Based on the metabolism studies, decoquinate is unlikely to be absorbed systemically to allow tissue bioaccumulation to occur by oral administration. Because of the very limited aqueous solubility of decoquinate, the bioaccumulation of decoquinate in fish and aquatic organisms was not measured. This indicated that there will be limited aquatic exposure. Further, the high Koc value indicated that decoquinate is likely to be adsorbed to the soil/sediments. Therefore, under the proposed use pattern, there is little potential for bioaccumulation to occur in aquatic organisms.

7.3 Environmental effectsAquatic organisms

Acute toxicity studies of decoquinate on rainbow trout (96 h LC50 >0.016 mg ac/L), Daphnia magna (48 hr EC50 >0.034 mg ac/L), algae (72 hr ErC50 >0.073 mg ac/L) indicated that decoquinate is not toxic to these species up to its limit of water solubility. At the concentration of 16.3 mg decoquinate/kg dry weight, no effect on survival and development of sediment dwelling larvae of the midge Chironomous riparius was observed.

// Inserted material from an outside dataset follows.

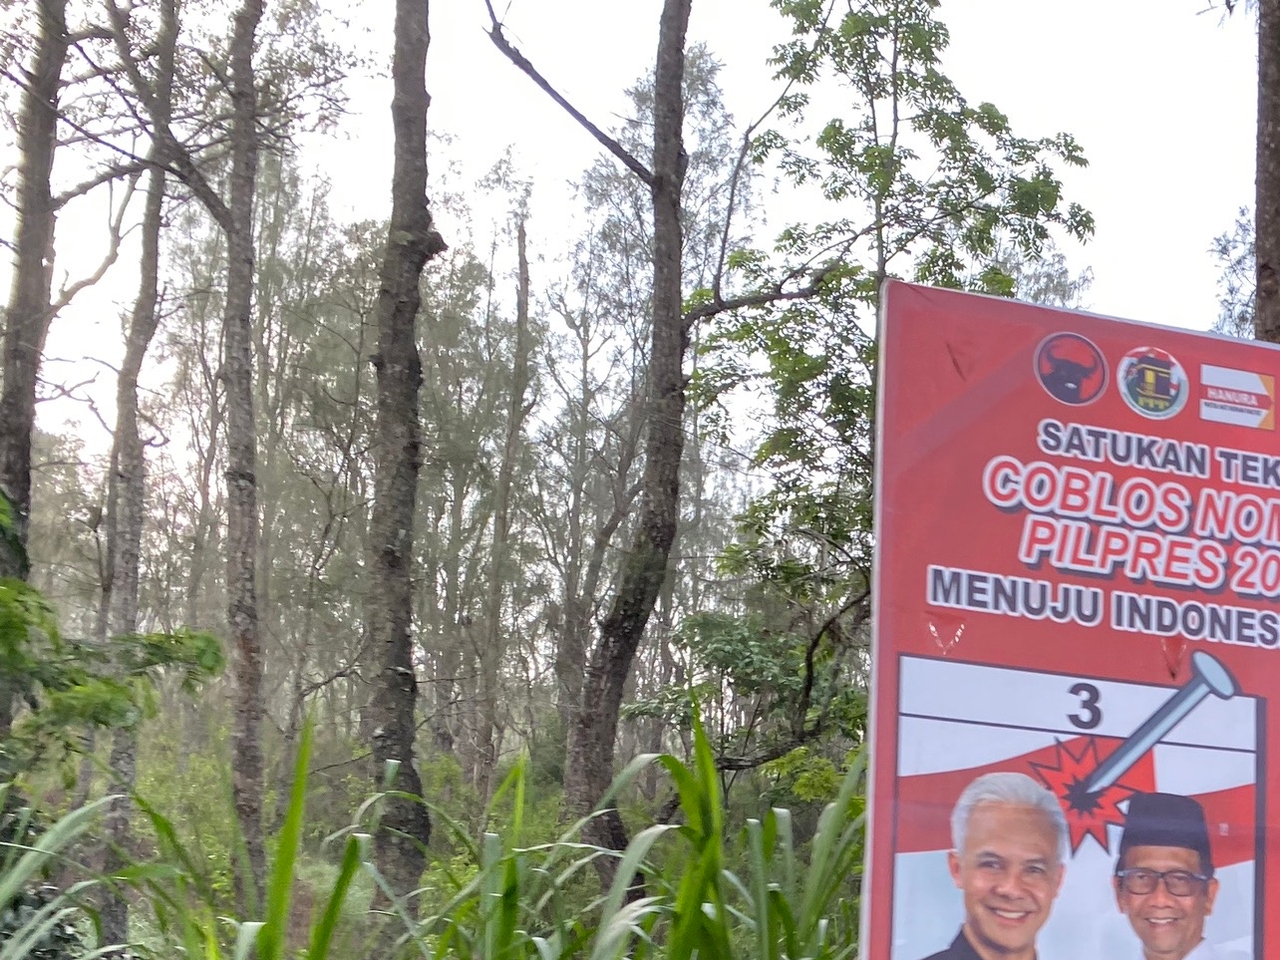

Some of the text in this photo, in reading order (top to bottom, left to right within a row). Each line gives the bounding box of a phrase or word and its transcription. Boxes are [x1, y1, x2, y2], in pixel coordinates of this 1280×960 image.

Non-target invertebrates (terrestrial)

Earthworms

The acute toxicity of 14 days LC50 >1000 mg ac/kg soil and the chronic toxicity of 56 days NOEC = 1000 mg ac/kg based on reproduction indicated that decoquinate is very slightly toxic to earthworms, acutely and chronically.

Soil microorganisms

Decoquinate did not have a significant effect on soil microflora, based on respiration and nitrification at concentrations of up to 9.2 mg ac/kg dry soil. It was concluded that decoquinate does not have a long term influence on soil microbial processes.

Phytotoxicity

Decoquinate did not show any effects on the emergence and growth of seedlings of wheat (Triticum aestivum), mustard (Brassica alba) and mung bean (Phaseolus aureus) at concentrations up to 100 mg/kg dry soil. The LC50 for emergence and EC50 for growth were determined to be >100 mg/kg dry soil for each of the species tested. The NOEC was determined to be 100 mg ac/kg soil based on emergence and growth.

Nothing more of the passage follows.